=== Image-backed grounding data ===
╔══

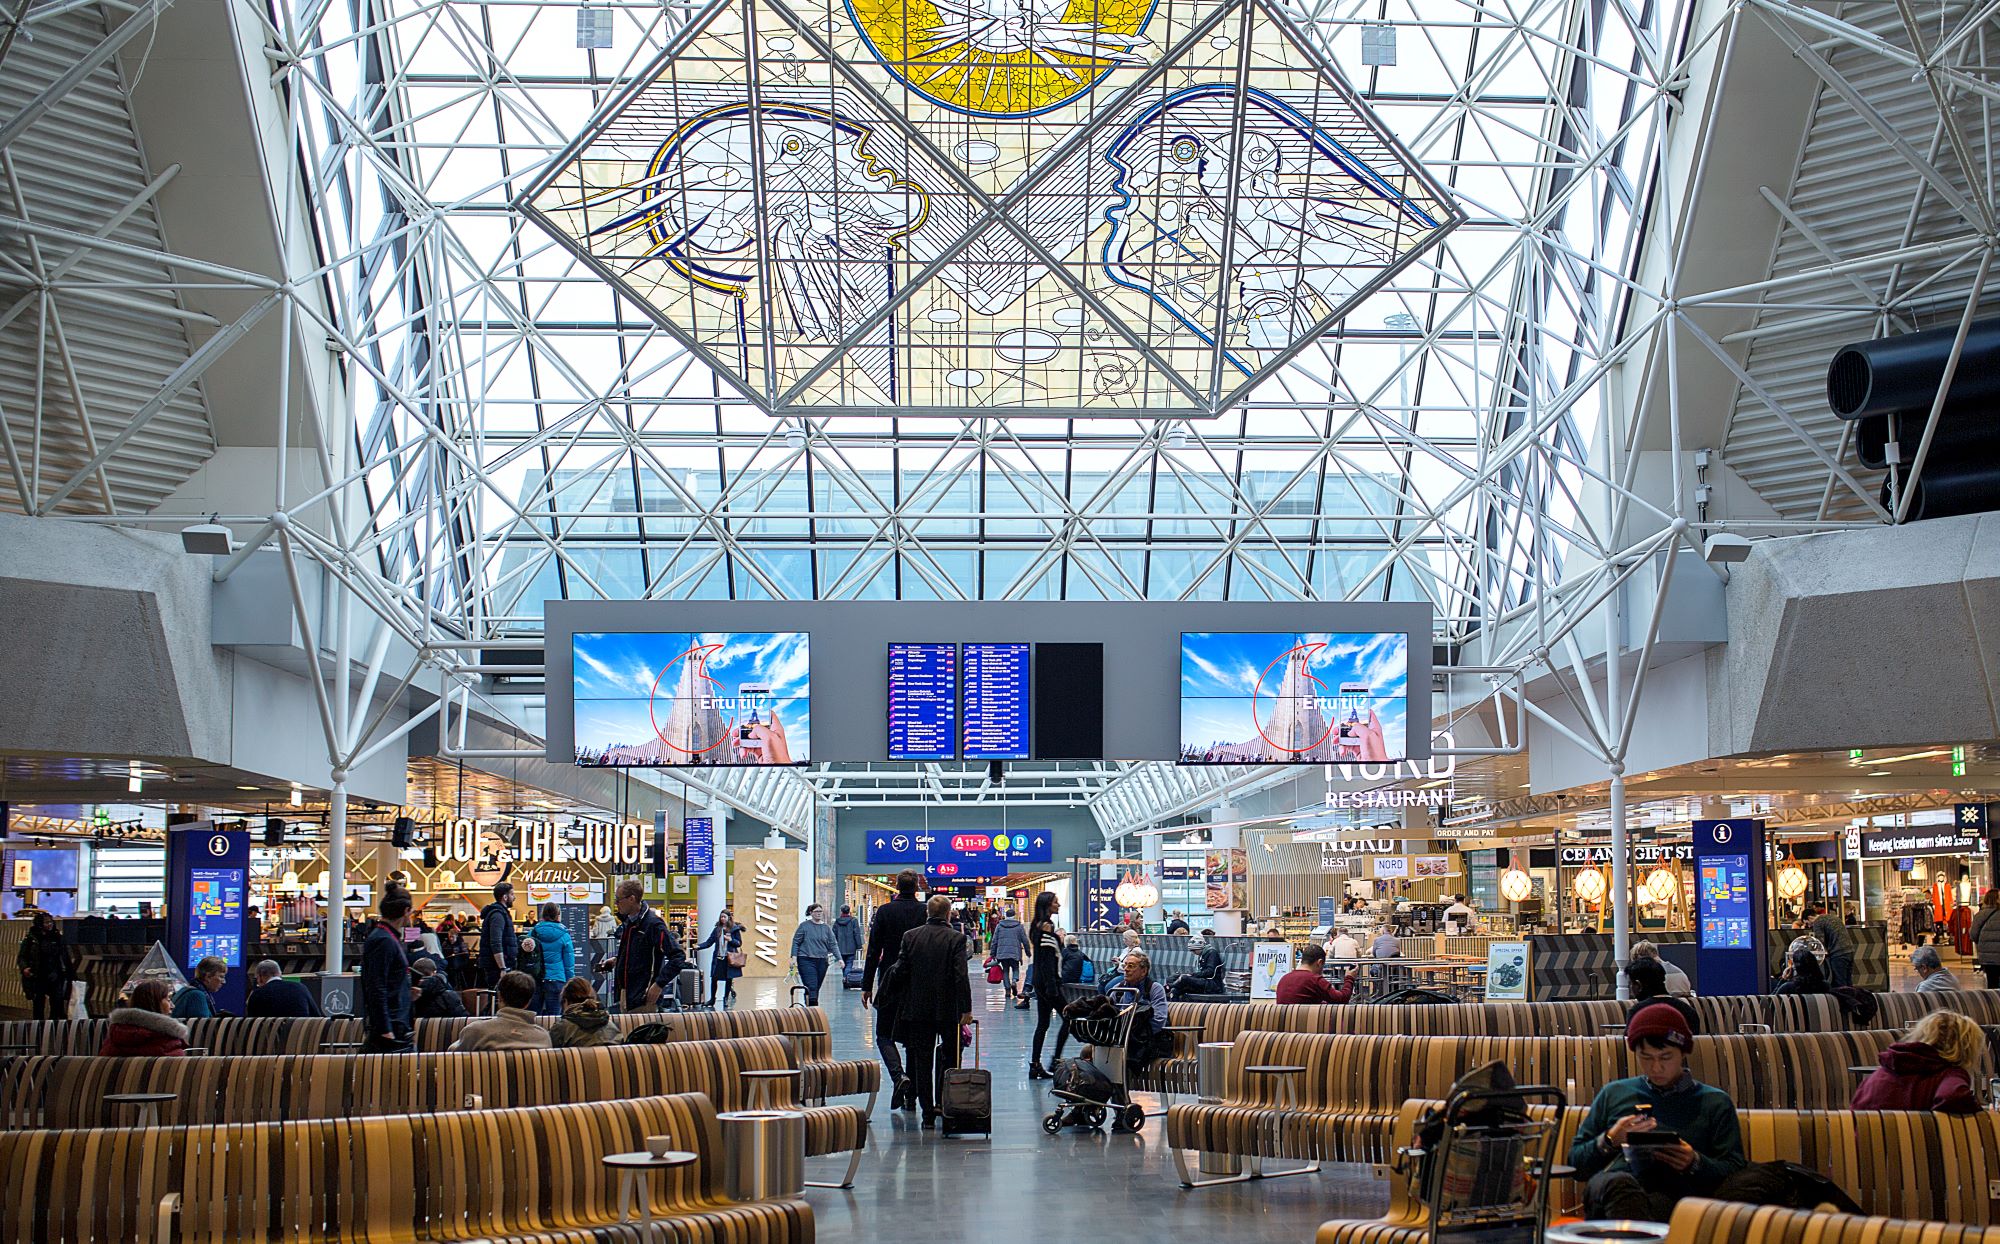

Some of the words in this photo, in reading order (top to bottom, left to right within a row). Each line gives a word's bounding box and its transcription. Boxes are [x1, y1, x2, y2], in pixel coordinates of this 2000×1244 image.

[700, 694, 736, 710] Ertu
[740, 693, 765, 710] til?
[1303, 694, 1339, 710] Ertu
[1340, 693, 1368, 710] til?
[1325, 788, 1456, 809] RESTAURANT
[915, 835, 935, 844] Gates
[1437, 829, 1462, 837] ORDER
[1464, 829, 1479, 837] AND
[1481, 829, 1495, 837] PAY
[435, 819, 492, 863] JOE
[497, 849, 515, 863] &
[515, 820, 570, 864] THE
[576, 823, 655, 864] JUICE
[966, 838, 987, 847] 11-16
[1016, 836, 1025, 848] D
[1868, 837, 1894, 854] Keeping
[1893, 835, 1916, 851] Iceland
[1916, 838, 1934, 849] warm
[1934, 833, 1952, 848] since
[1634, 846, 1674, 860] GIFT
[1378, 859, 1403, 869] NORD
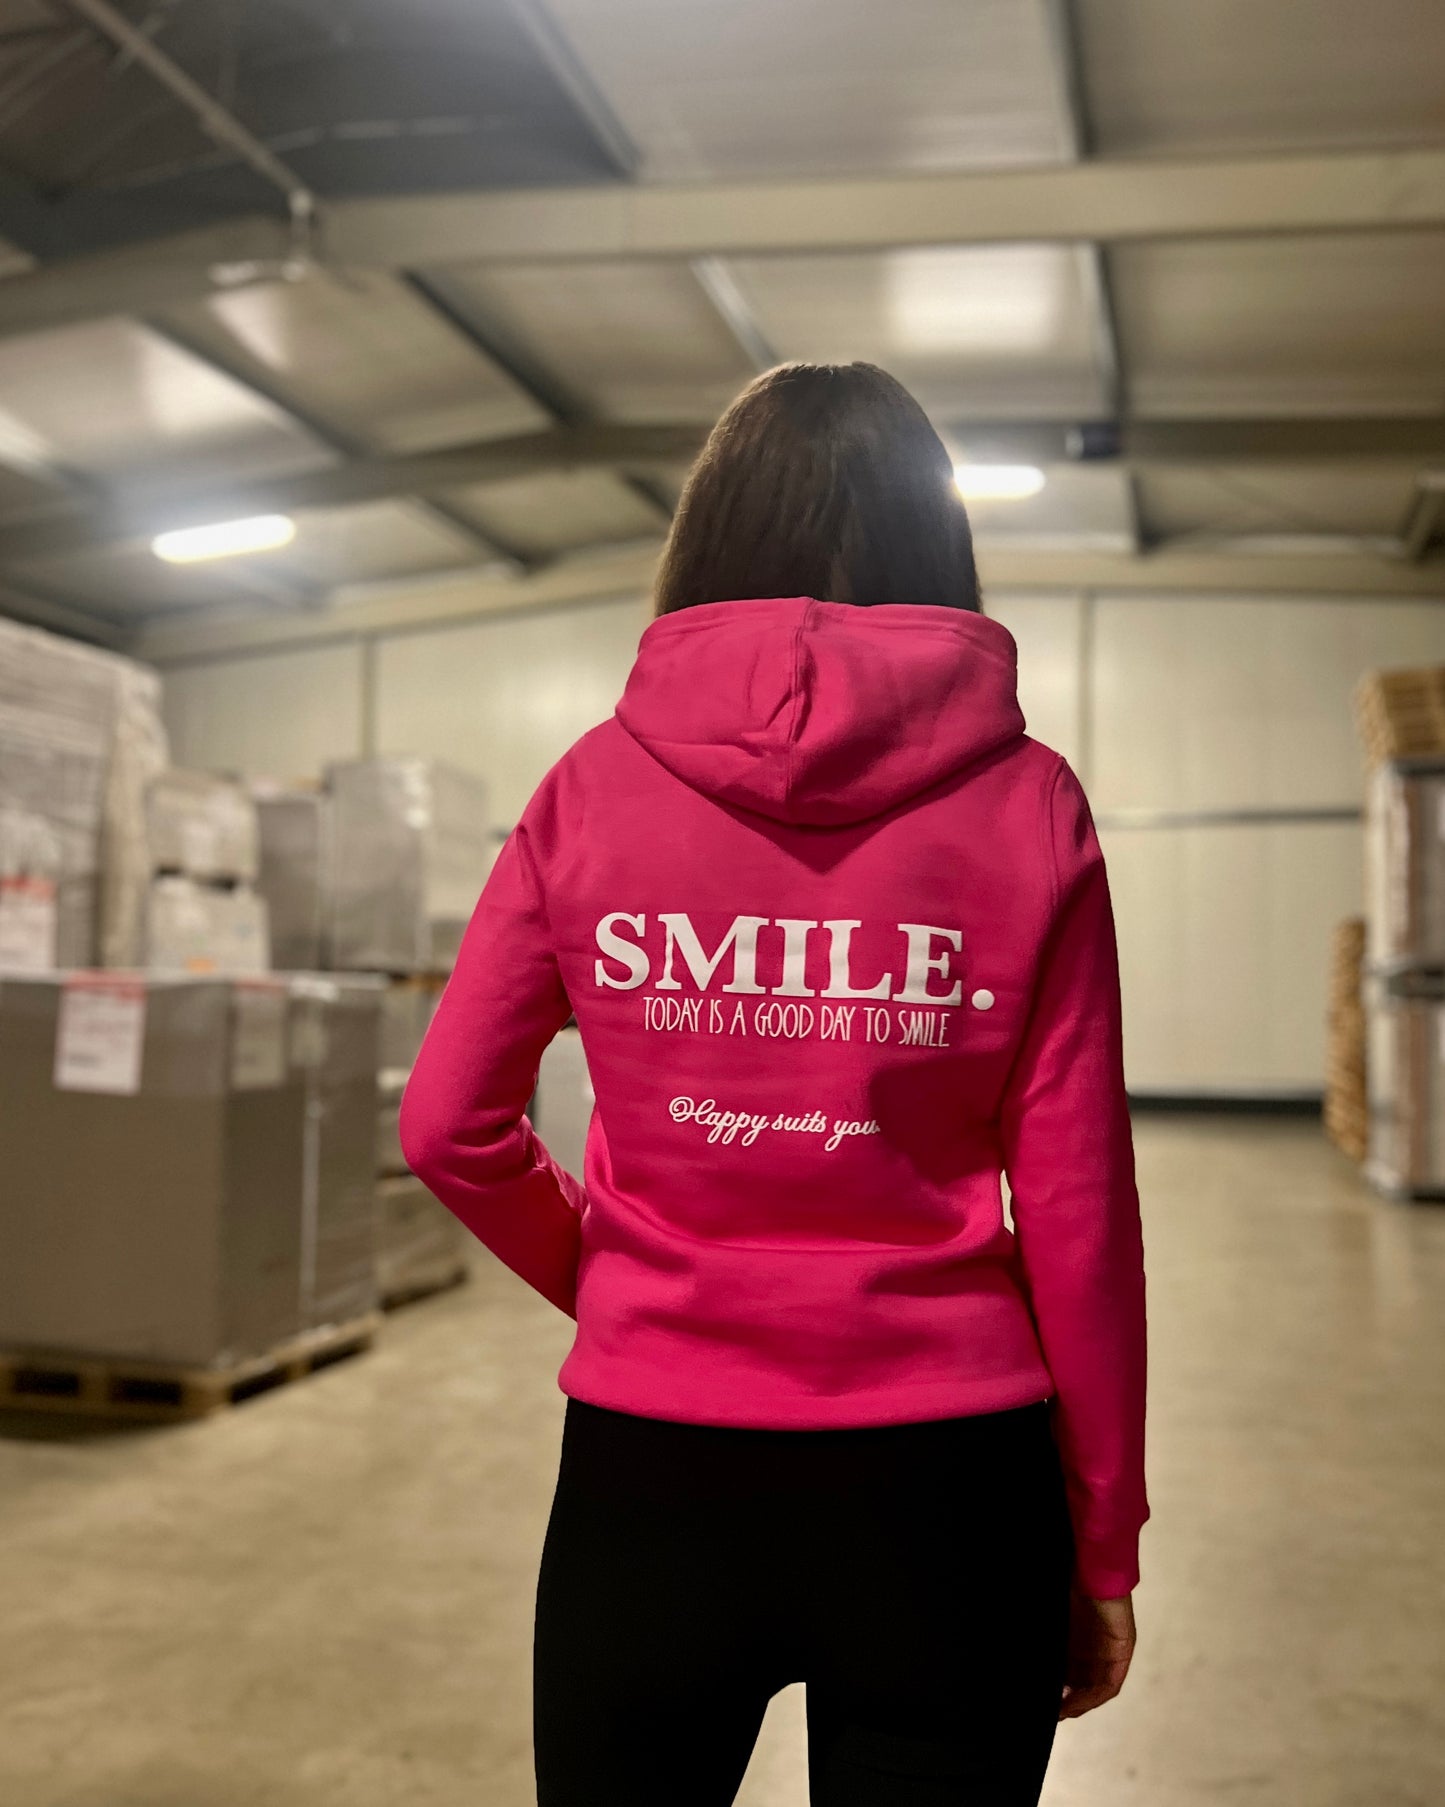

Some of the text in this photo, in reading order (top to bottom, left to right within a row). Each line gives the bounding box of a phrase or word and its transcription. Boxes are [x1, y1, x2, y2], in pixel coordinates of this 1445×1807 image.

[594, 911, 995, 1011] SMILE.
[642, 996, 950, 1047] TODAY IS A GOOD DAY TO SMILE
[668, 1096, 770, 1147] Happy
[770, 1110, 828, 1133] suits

╚══

=== Work item ===
Every entry above is to be copied verbatim, with the pictures removed.

=== Output for this exercise ===
Some of the words in this photo, in reading order (top to bottom, left to right within a row). Each line gives a word's bounding box and its transcription. Boxes are [x1, y1, x2, y2], in pixel coordinates of this 2000×1244 image.

[700, 694, 736, 710] Ertu
[740, 693, 765, 710] til?
[1303, 694, 1339, 710] Ertu
[1340, 693, 1368, 710] til?
[1325, 788, 1456, 809] RESTAURANT
[915, 835, 935, 844] Gates
[1437, 829, 1462, 837] ORDER
[1464, 829, 1479, 837] AND
[1481, 829, 1495, 837] PAY
[435, 819, 492, 863] JOE
[497, 849, 515, 863] &
[515, 820, 570, 864] THE
[576, 823, 655, 864] JUICE
[966, 838, 987, 847] 11-16
[1016, 836, 1025, 848] D
[1868, 837, 1894, 854] Keeping
[1893, 835, 1916, 851] Iceland
[1916, 838, 1934, 849] warm
[1934, 833, 1952, 848] since
[1634, 846, 1674, 860] GIFT
[1378, 859, 1403, 869] NORD

Some of the text in this photo, in reading order (top to bottom, left to right within a row). Each line gives the bounding box of a phrase or word and its transcription. Boxes are [x1, y1, x2, y2], in pixel coordinates of this 1445×1807 image.

[594, 911, 995, 1011] SMILE.
[642, 996, 950, 1047] TODAY IS A GOOD DAY TO SMILE
[668, 1096, 770, 1147] Happy
[770, 1110, 828, 1133] suits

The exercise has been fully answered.